Each session’s sequence numbers are independent. The caller tracks the last processed sequence per session for deduplication.

Broker Failure

If the AMQP broker itself fails:

Durable queues and persistent messages survive broker restart. On recovery, all READY and UNACKED-requeued messages are available.
Harnesses SHOULD implement connection retry with exponential backoff (e.g., 1s, 2s, 4s, 8s… capped at 60s).
For high availability, the broker SHOULD be deployed with quorum queues (RabbitMQ 3.8+) which replicate queue state across multiple nodes and tolerate minority node failures.

Summary: Why No Custom Replay Protocol

Traditional event streaming systems often require custom replay mechanisms (e.g., consumer offset tracking, Last-Event-ID, cursor-based pagination). HCP avoids all of this by leveraging AMQP’s built-in message lifecycle:

Concern	HCP Solution	AMQP Mechanism
Event persistence	Messages survive disconnection	`delivery_mode: 2` (persistent) + durable queue
Resume from crash	Unprocessed events automatically redelivered	Manual ACK + requeue on disconnect
Duplicate detection	Skip already-processed events	`redelivered` flag + L2 `sequence` number
Flow control	Limit in-flight messages	`basic.qos` (prefetch_count)
Dead connection detection	Prompt cleanup of consumer state	AMQP heartbeat
Ordering guarantee	Events arrive in emission order	Per-queue FIFO

This design ensures that from the caller’s perspective, the event stream is a continuous, lossless, ordered sequence — regardless of crashes, network issues, or restarts.

Encoding

All message bodies MUST be encoded as UTF-8 JSON.
The AMQP content_type property MUST be set to "application/json".
The AMQP content_encoding property MUST be set to "utf-8".
Binary data (files, images, large datasets) MUST be referenced by URI, not embedded inline.
Timestamps MUST use ISO 8601 format in UTC (e.g., 2025-01-15T08:30:00.000Z).
Durations MUST use ISO 8601 duration format (e.g., PT72H, PT2H15M).

Queue Management

TTL and Cleanup

Queue	Recommended TTL	Rationale
`hcp.cmd.{callee_id}`	No TTL	Commands should be consumed as long as the callee exists
`hcp.evt.{caller_id}`	24 hours (message TTL)	Events not consumed within 24h are likely stale

Callee command queues SHOULD persist as long as the callee harness is registered.
Caller event queues MAY use per-message TTL (x-message-ttl) to discard stale events.
Session-specific event queues (if used) SHOULD be auto-deleted when the session reaches a terminal state.

Queue Size Limits

Implementations SHOULD configure x-max-length or x-max-length-bytes on event queues to prevent unbounded growth. When limits are reached, the oldest messages SHOULD be discarded (overflow: drop-head).

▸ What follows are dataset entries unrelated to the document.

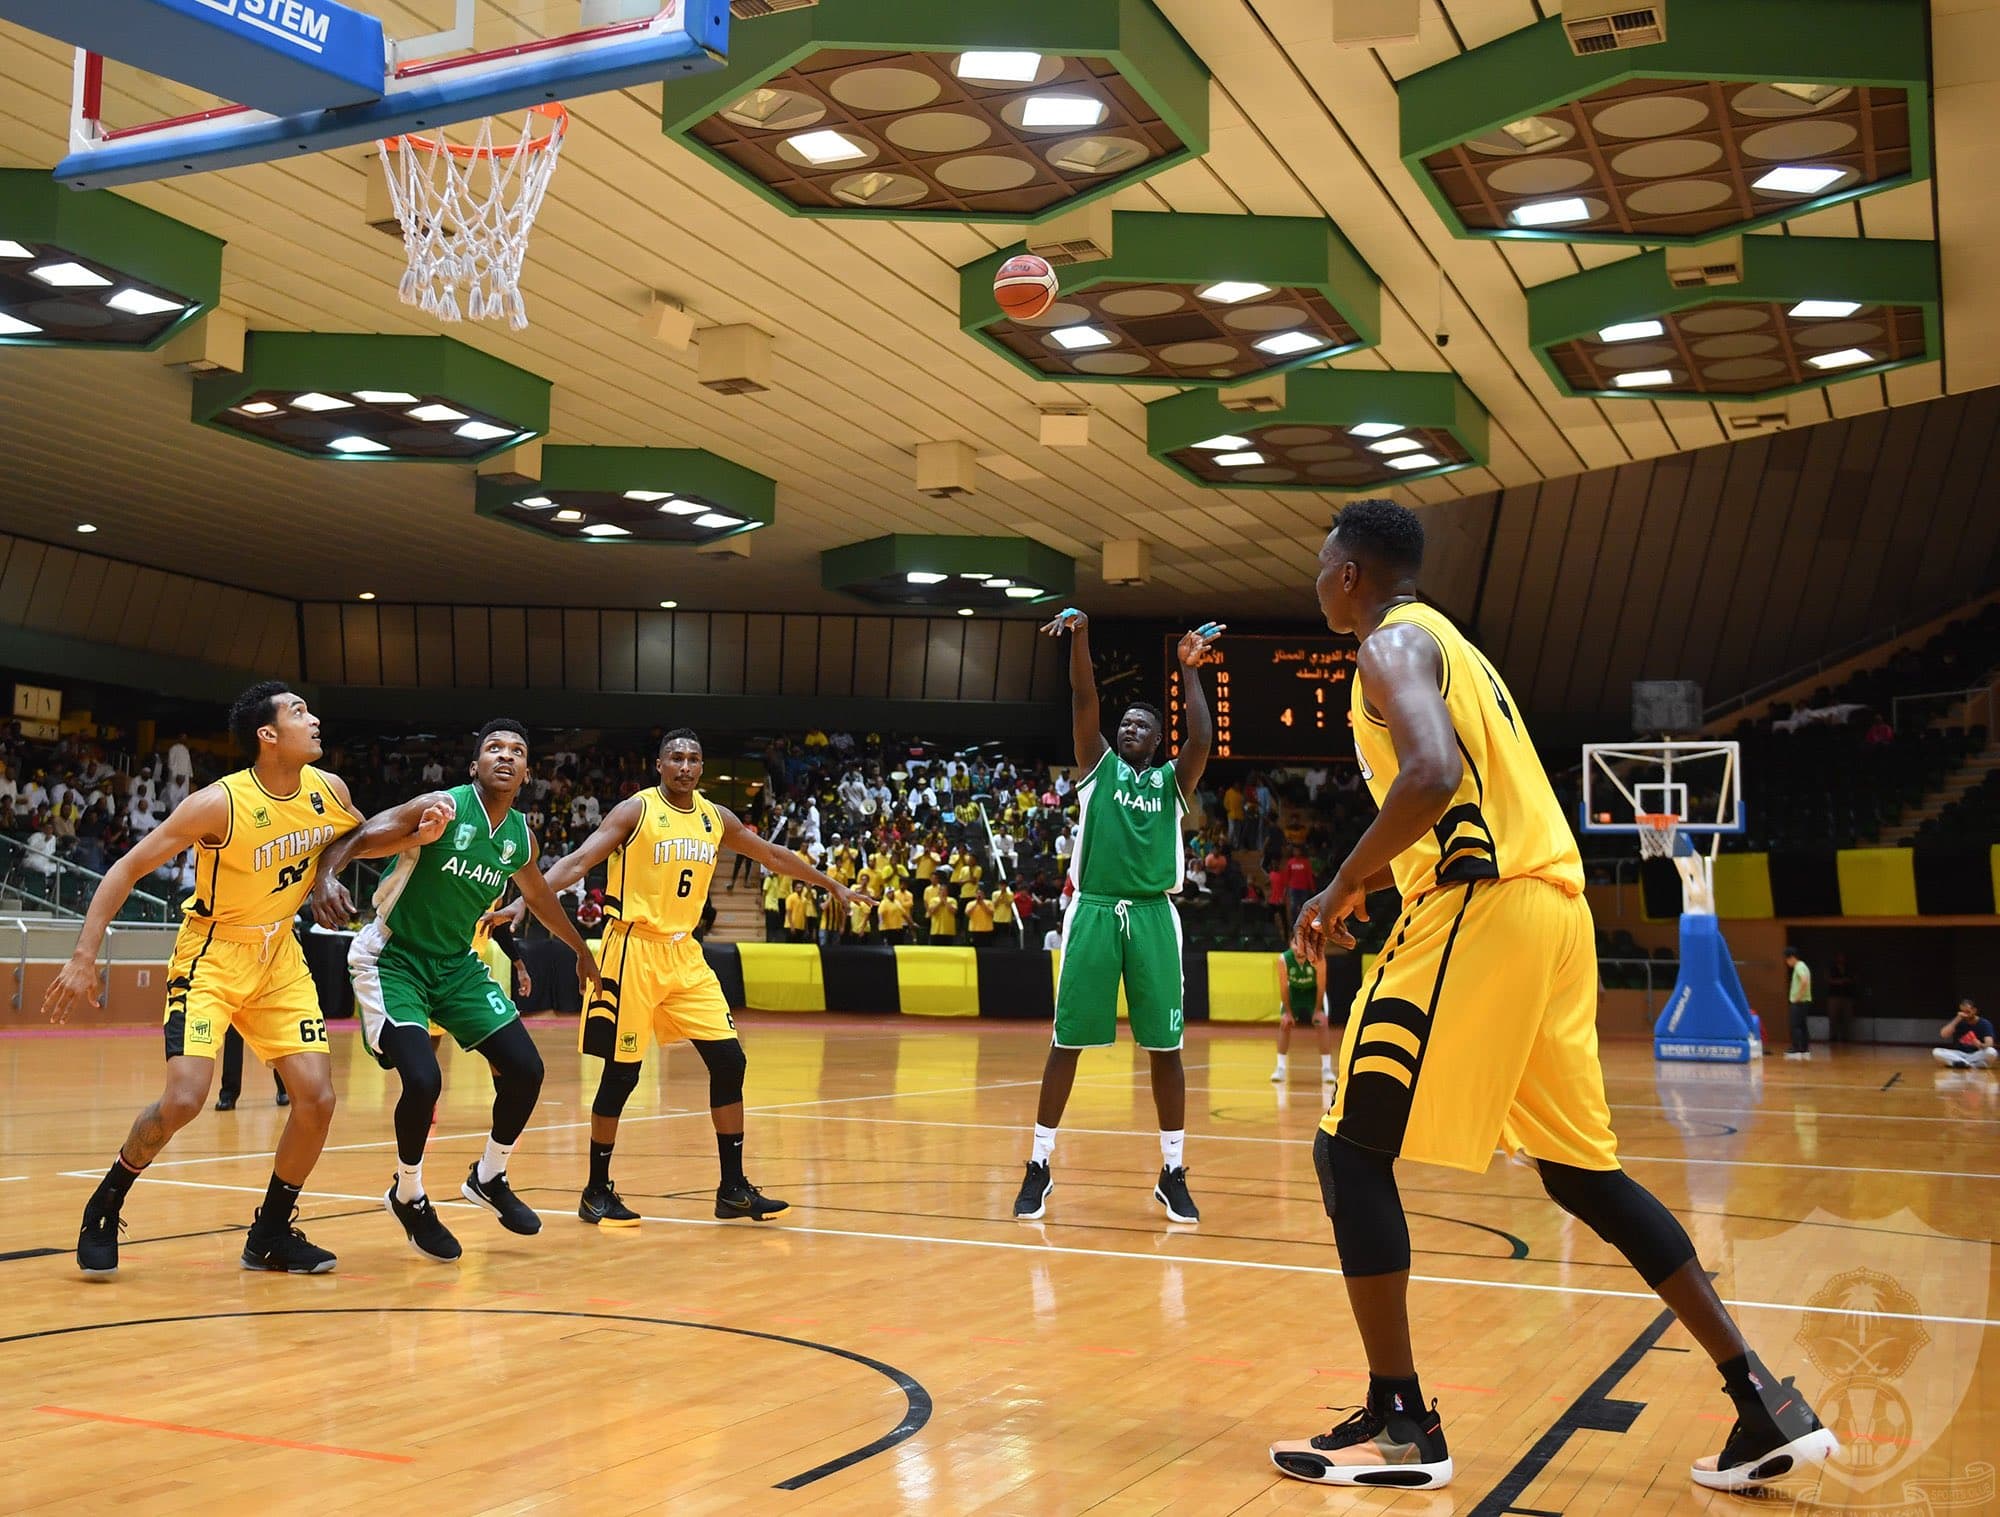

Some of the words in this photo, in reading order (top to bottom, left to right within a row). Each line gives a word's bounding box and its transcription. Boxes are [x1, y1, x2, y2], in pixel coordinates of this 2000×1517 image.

[1170, 671, 1179, 682] 4
[1217, 671, 1230, 684] 10
[1217, 686, 1230, 698] 11
[1315, 687, 1324, 704] 1
[1217, 701, 1230, 713] 12
[1170, 714, 1179, 726] 7
[1217, 716, 1230, 727] 13
[1280, 707, 1293, 727] 4
[1170, 729, 1179, 741] 8
[1217, 730, 1230, 742] 14
[455, 822, 477, 851] 5
[253, 824, 336, 873] ITTIHAD
[441, 856, 503, 887] Al-Ahli
[677, 868, 693, 898] 6
[486, 990, 507, 1015] 5
[1170, 1008, 1181, 1032] 12
[299, 1018, 327, 1043] 62

Connection and Authentication

Virtual Host

All HCP exchanges and queues SHOULD be created within a dedicated AMQP virtual host (e.g., /hcp) to isolate HCP traffic from other applications sharing the same broker.

Authentication

Harnesses authenticate to the AMQP broker using standard AMQP SASL mechanisms.
Each harness SHOULD have a unique set of credentials.
Access control (which harness can publish/consume which queues) SHOULD be configured at the broker level via AMQP permissions.

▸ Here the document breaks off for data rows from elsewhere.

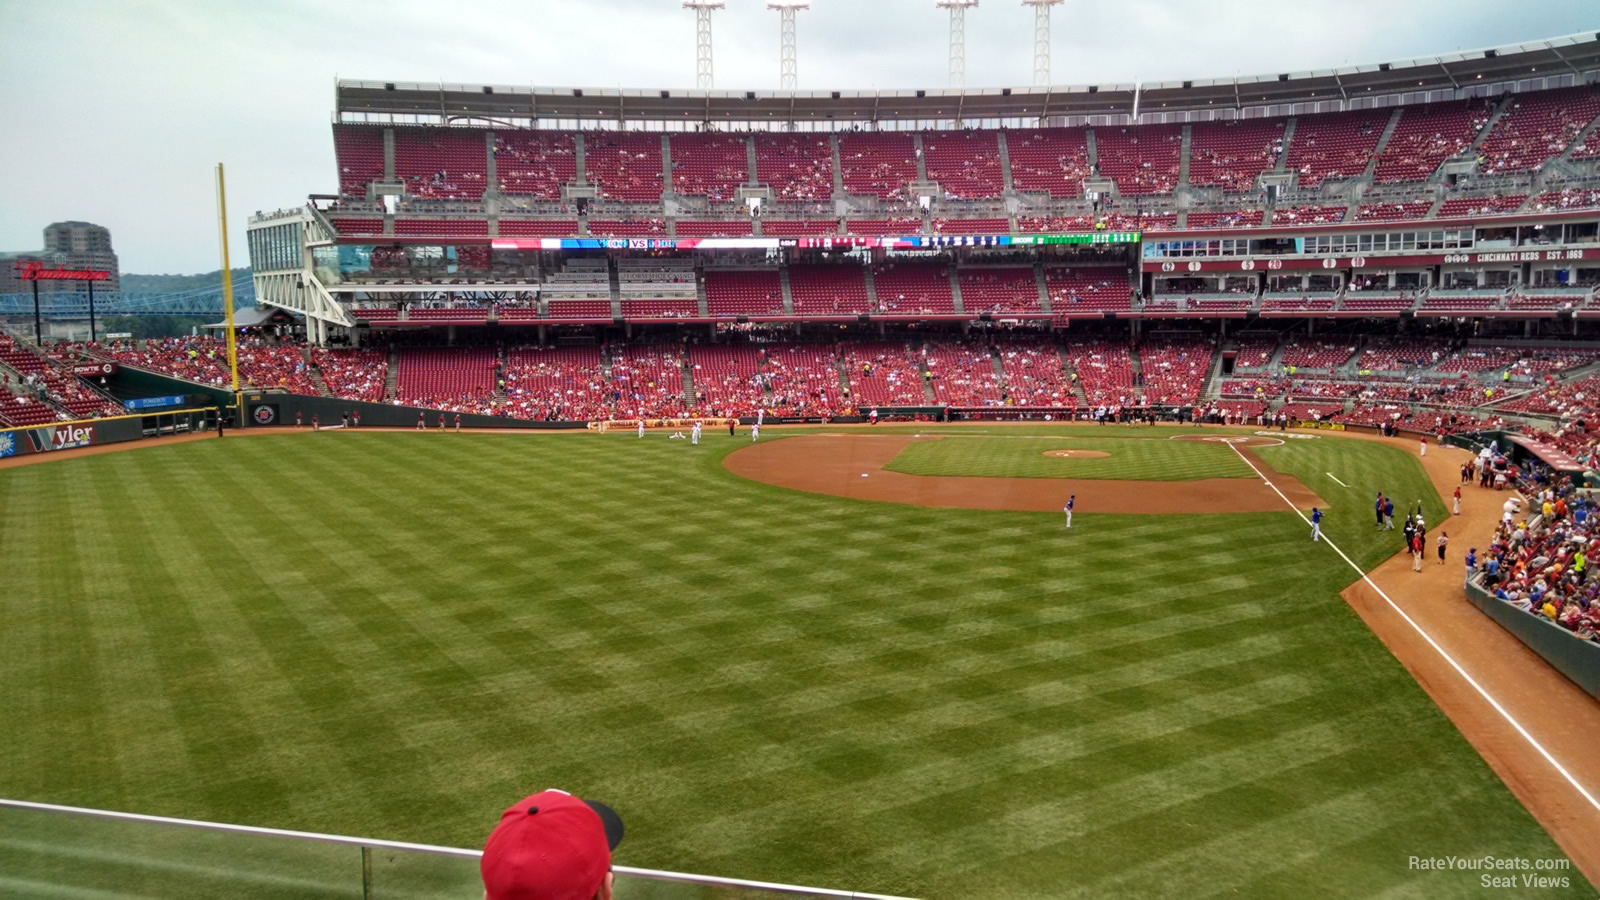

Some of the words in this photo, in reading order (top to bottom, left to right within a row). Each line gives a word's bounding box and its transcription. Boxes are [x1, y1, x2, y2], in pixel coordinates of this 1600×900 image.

[631, 240, 646, 248] VS
[1477, 251, 1518, 262] CINCINNATI
[1520, 251, 1540, 260] REDS
[1546, 250, 1564, 260] EST.
[1566, 249, 1583, 259] 1869

HCP does not define its own authentication layer — broker-level authentication and authorization are sufficient for transport security. Application-level identity (caller_id) is validated by L3.

TLS

All AMQP connections SHOULD use TLS (amqps://). Unencrypted connections (amqp://) SHOULD only be used in trusted network environments (e.g., localhost development).

Topology Initialization

When a harness starts:

Connect to the AMQP broker.
Declare the hcp.commands and hcp.events exchanges (idempotent — passive: false with matching parameters).
If callee: Declare and bind hcp.cmd.{callee_id} queue. Start consuming.
If caller: Declare and bind hcp.evt.{caller_id} queue. Start consuming.

Exchange and queue declarations are idempotent — multiple harnesses declaring the same exchange with the same parameters is safe.